Exercise goal:
The whole listing is to be restated word for word with no images.

Input records:
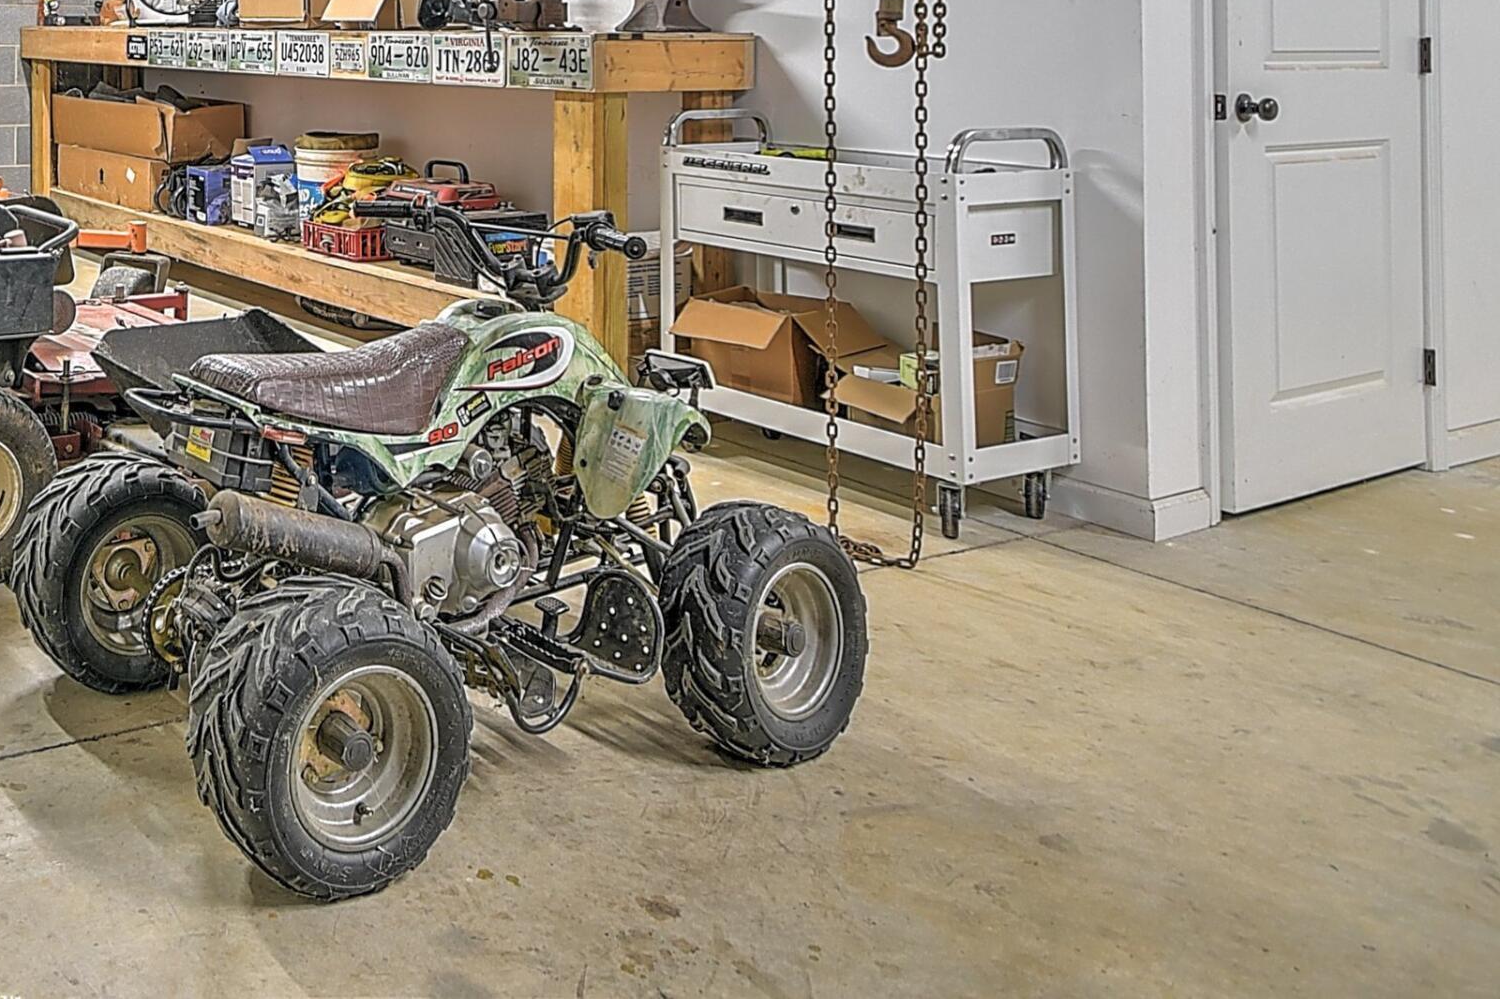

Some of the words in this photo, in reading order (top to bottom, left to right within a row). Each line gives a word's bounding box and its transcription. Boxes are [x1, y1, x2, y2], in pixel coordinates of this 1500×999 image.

[280, 42, 325, 64] U452038
[450, 37, 485, 48] VIRGINIA
[512, 48, 588, 73] J82-43E
[487, 335, 561, 381] Falcon
[428, 421, 459, 446] 90
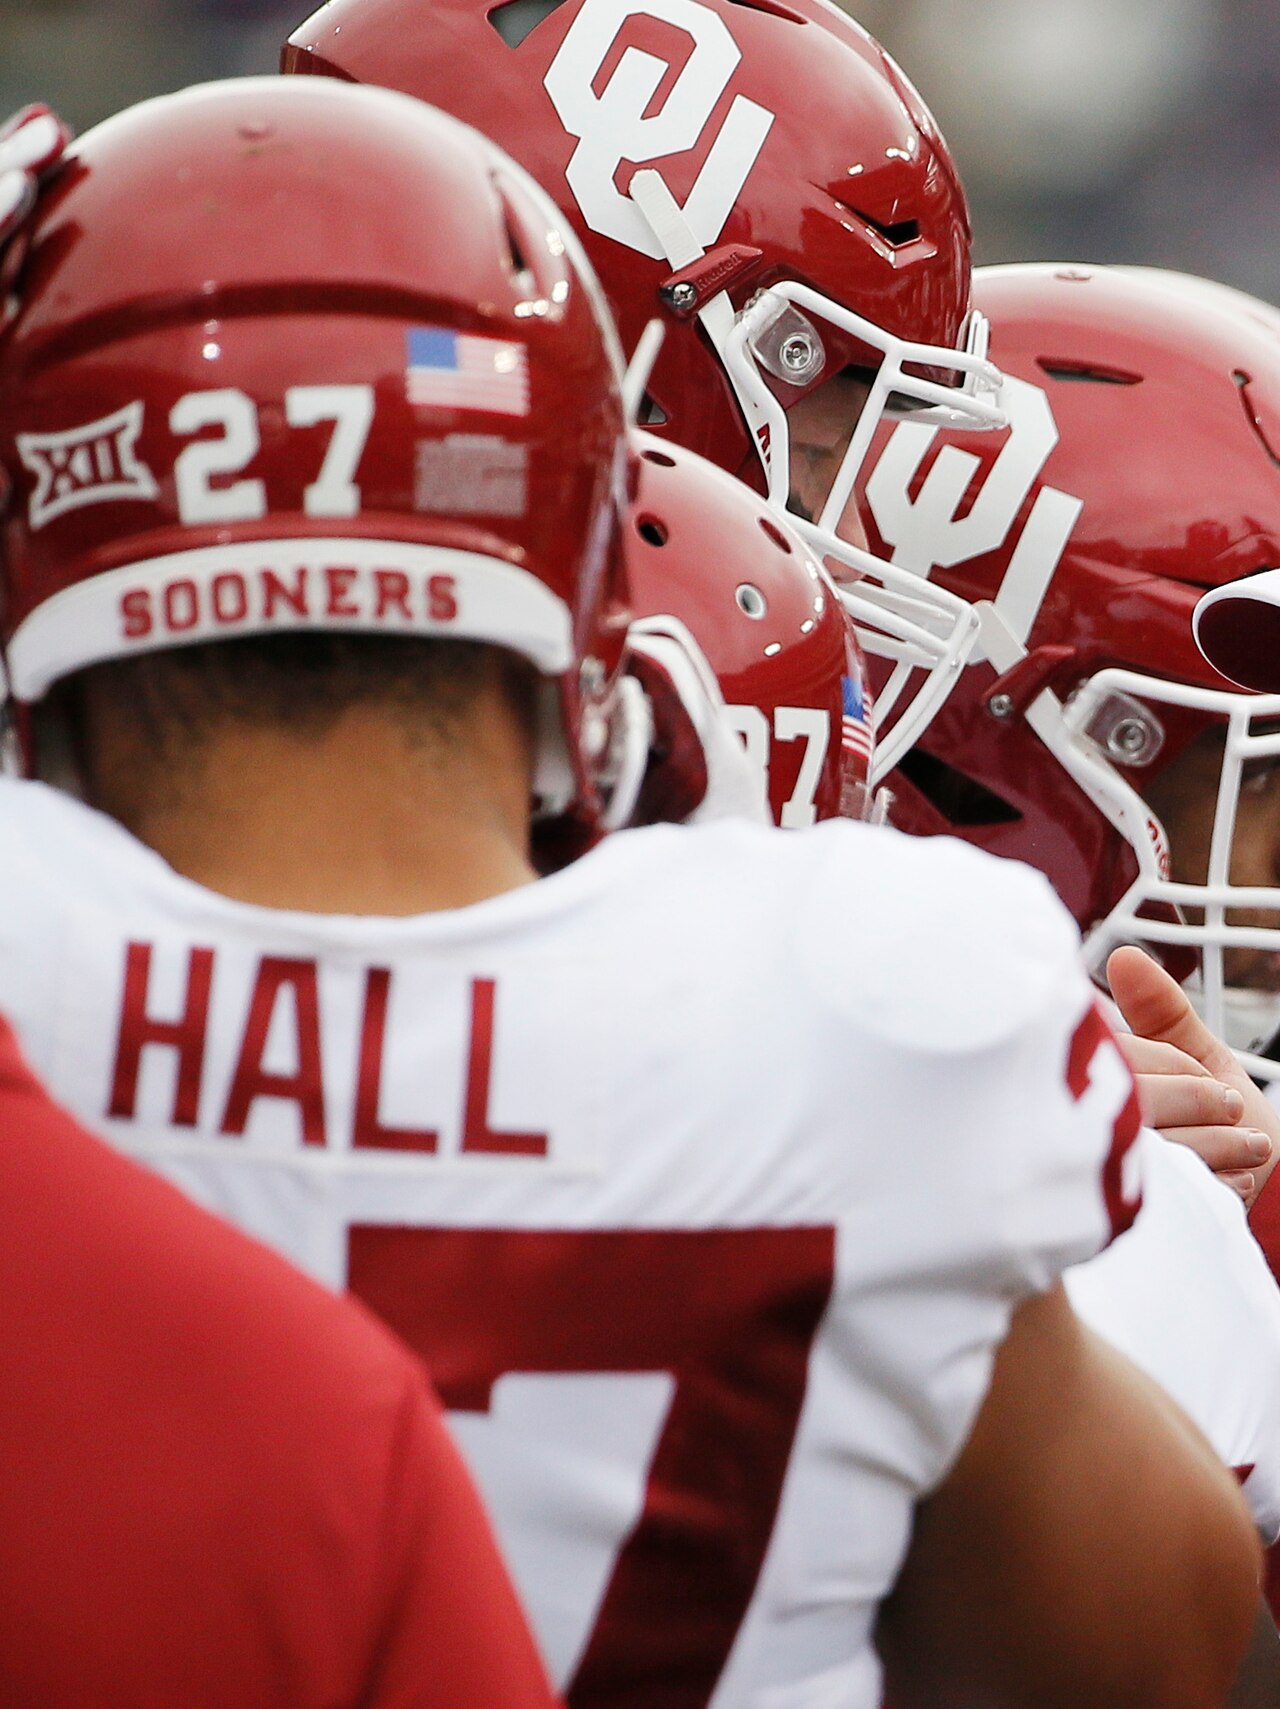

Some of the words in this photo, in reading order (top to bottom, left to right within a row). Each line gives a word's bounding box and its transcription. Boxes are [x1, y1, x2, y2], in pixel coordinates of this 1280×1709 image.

[543, 0, 776, 261] OU
[168, 384, 375, 527] 27
[120, 565, 459, 640] SOONERS
[107, 941, 549, 1156] HALL
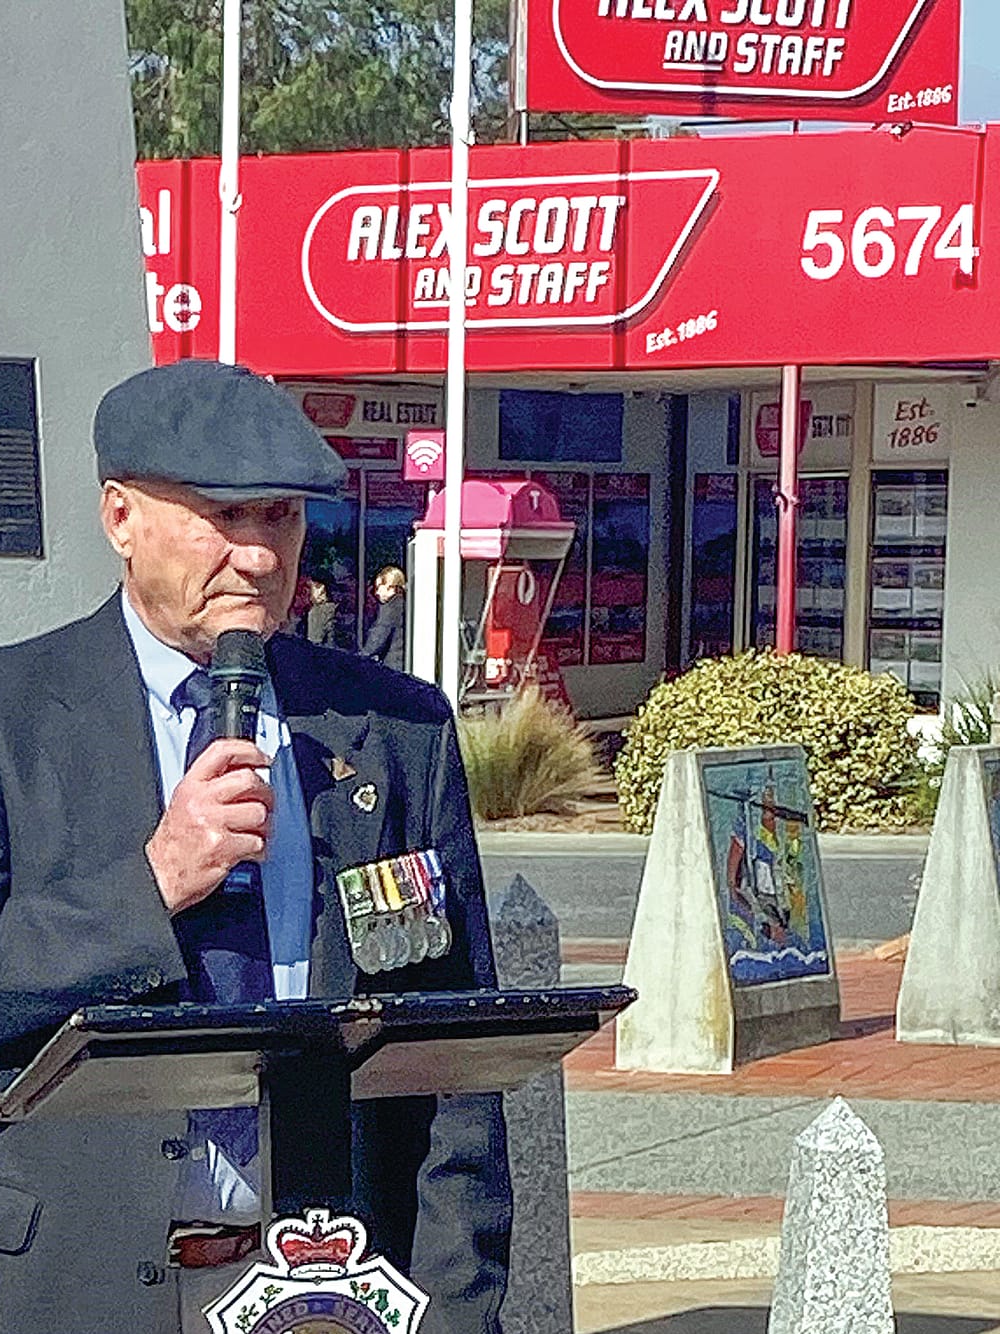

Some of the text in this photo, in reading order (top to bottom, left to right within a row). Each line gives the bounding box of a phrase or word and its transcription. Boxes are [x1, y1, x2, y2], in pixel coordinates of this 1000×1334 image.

[663, 30, 846, 76] AND STAFF
[347, 196, 626, 261] ALEX SCOTT
[800, 203, 981, 280] 5674
[413, 261, 609, 307] AND STAFF
[894, 396, 935, 422] Est.
[887, 422, 941, 450] 1886
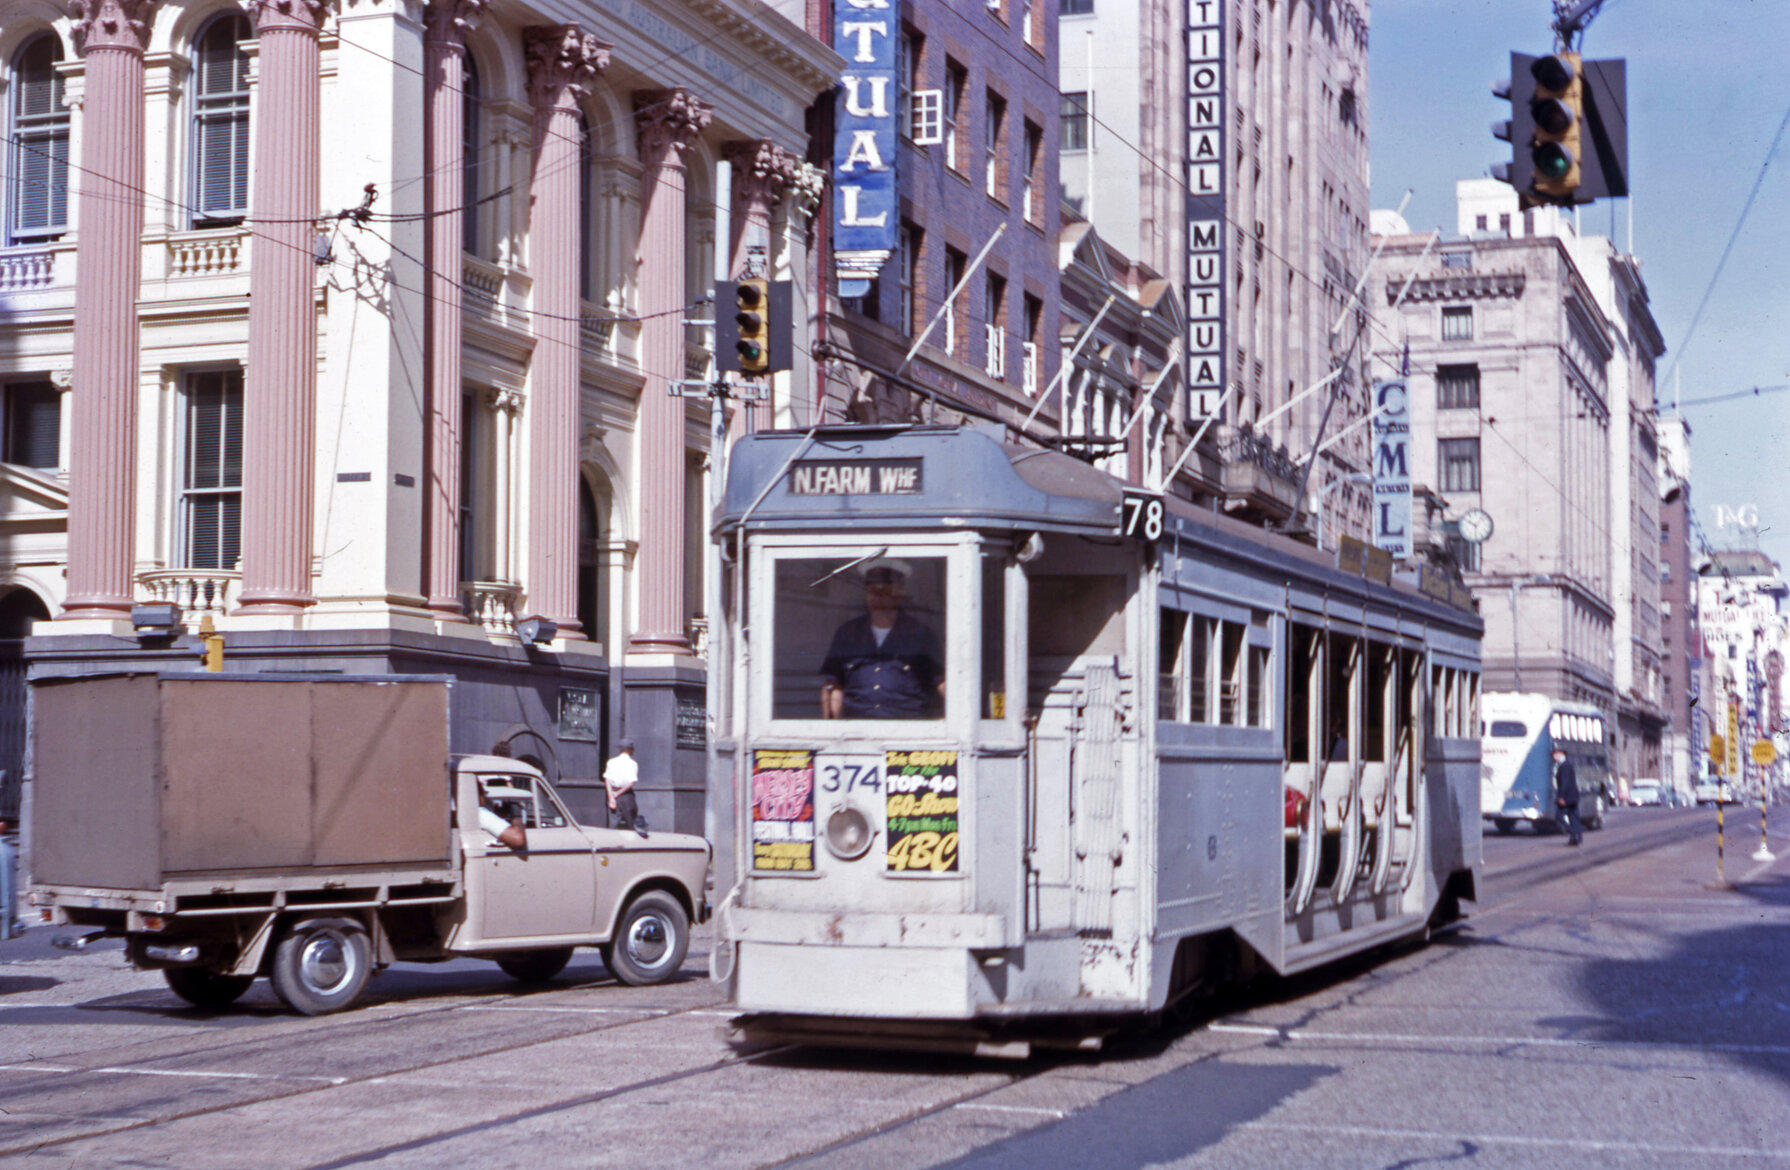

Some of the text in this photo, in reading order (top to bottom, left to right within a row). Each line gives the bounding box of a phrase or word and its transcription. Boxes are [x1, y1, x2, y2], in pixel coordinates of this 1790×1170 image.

[704, 48, 735, 87] BANK
[741, 72, 783, 115] LIMITED
[840, 0, 890, 228] TUAL
[1193, 225, 1217, 416] MUTUAL
[795, 466, 871, 494] N.FARM
[1125, 498, 1163, 540] 78
[822, 765, 882, 793] 374
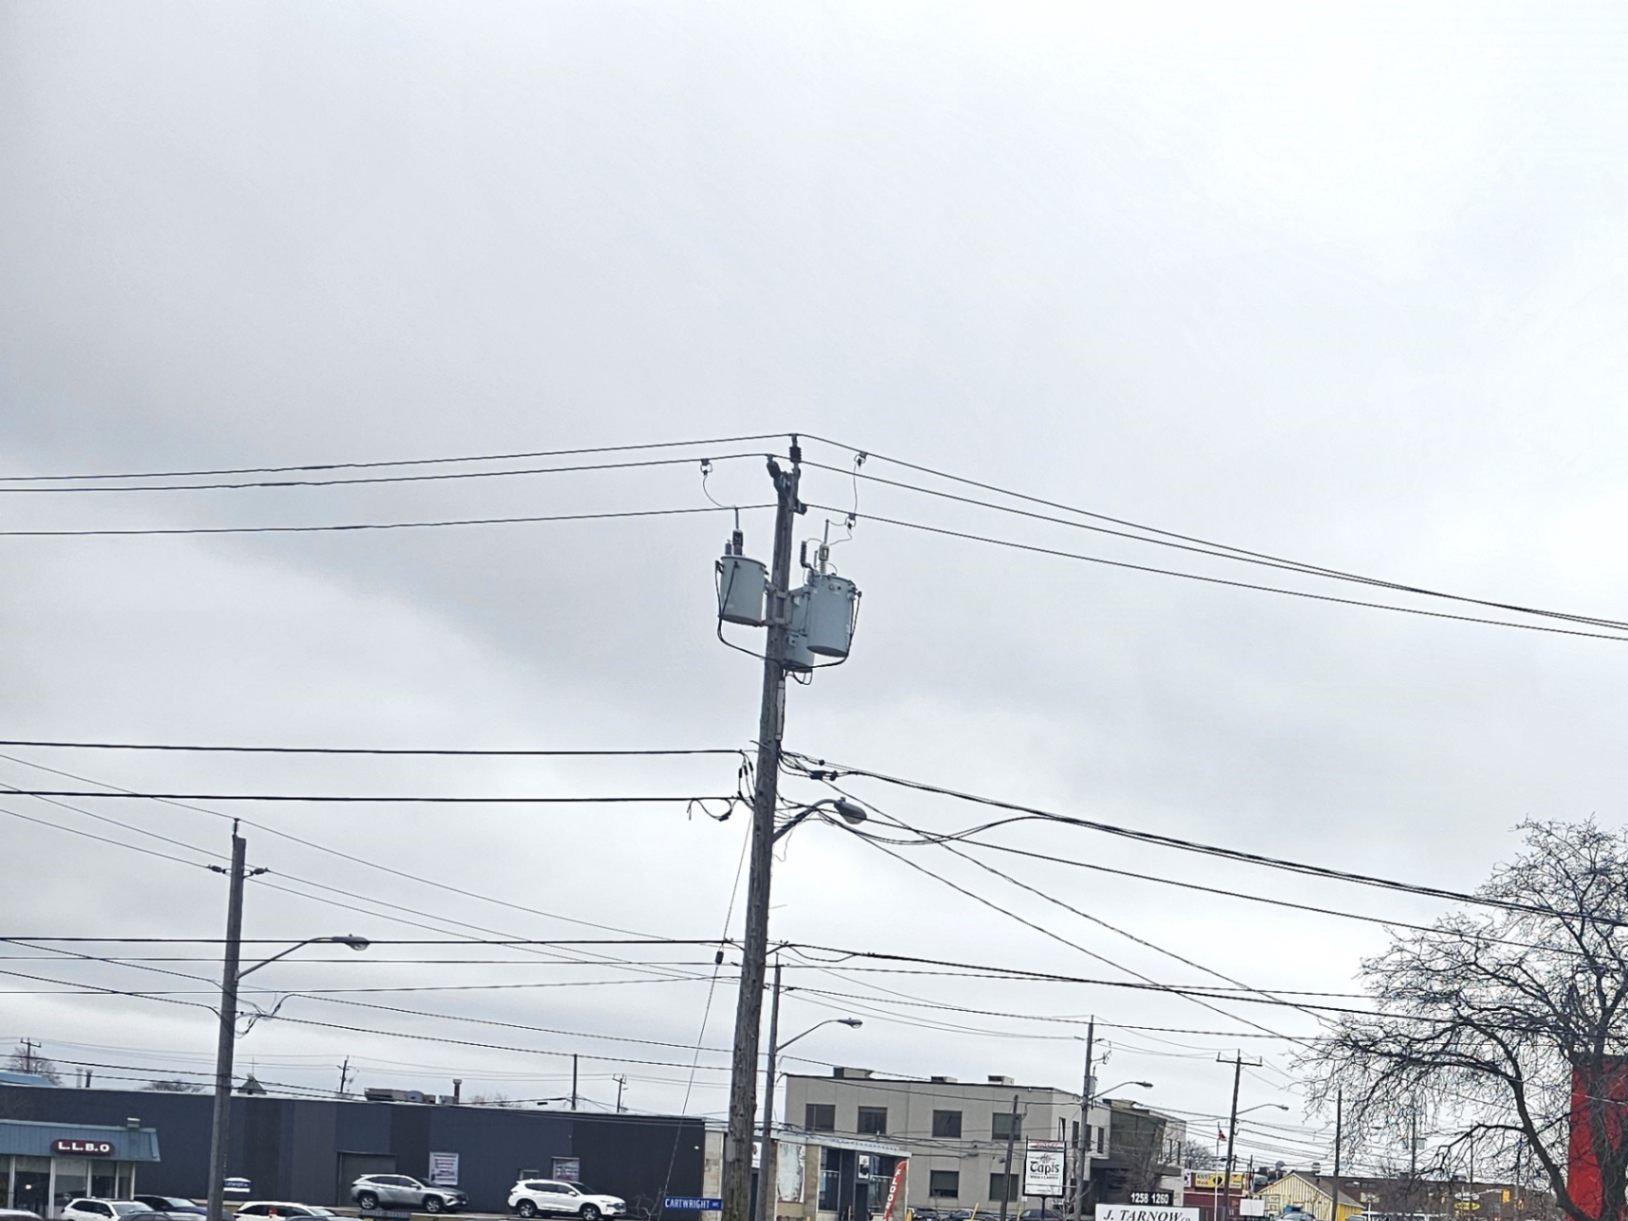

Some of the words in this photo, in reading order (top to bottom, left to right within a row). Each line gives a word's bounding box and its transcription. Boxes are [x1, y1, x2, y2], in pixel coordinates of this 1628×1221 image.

[664, 1198, 710, 1209] CARTWRIGHT
[1131, 1192, 1148, 1204] 1258
[1151, 1193, 1169, 1204] 1260
[1103, 1209, 1114, 1221] J.

Exercise solution:
Some of the words in this photo, in reading order (top to bottom, left to right within a row). Each line gives a word's bounding box and its transcription. Boxes are [x1, y1, x2, y2], in pixel coordinates of this 1500×999 image.

[280, 42, 325, 64] U452038
[450, 37, 485, 48] VIRGINIA
[512, 48, 588, 73] J82-43E
[487, 335, 561, 381] Falcon
[428, 421, 459, 446] 90

Some of the words in this photo, in reading order (top to bottom, left to right within a row). Each line gives a word's bounding box and its transcription. Boxes are [x1, y1, x2, y2], in pixel coordinates of this 1280×1709 image.

[543, 0, 776, 261] OU
[168, 384, 375, 527] 27
[120, 565, 459, 640] SOONERS
[107, 941, 549, 1156] HALL

Some of the text in this photo, in reading order (top to bottom, left to right within a row). Each line gives the bounding box of a phrase or word and its transcription. Boxes are [x1, y1, x2, y2], in pixel coordinates of this 1000×1334 image.

[663, 30, 846, 76] AND STAFF
[347, 196, 626, 261] ALEX SCOTT
[800, 203, 981, 280] 5674
[413, 261, 609, 307] AND STAFF
[894, 396, 935, 422] Est.
[887, 422, 941, 450] 1886

Some of the text in this photo, in reading order (top to bottom, left to right within a row). Each line gives the bounding box of a phrase or word and its transcription. Boxes are [x1, y1, x2, y2], in pixel coordinates of this 1790×1170 image.

[704, 48, 735, 87] BANK
[741, 72, 783, 115] LIMITED
[840, 0, 890, 228] TUAL
[1193, 225, 1217, 416] MUTUAL
[795, 466, 871, 494] N.FARM
[1125, 498, 1163, 540] 78
[822, 765, 882, 793] 374

Some of the words in this photo, in reading order (top to bottom, left to right within a row). Each line gives a word's bounding box and its transcription. Boxes are [x1, y1, x2, y2], in pixel coordinates of this 1628×1221 image.

[664, 1198, 710, 1209] CARTWRIGHT
[1131, 1192, 1148, 1204] 1258
[1151, 1193, 1169, 1204] 1260
[1103, 1209, 1114, 1221] J.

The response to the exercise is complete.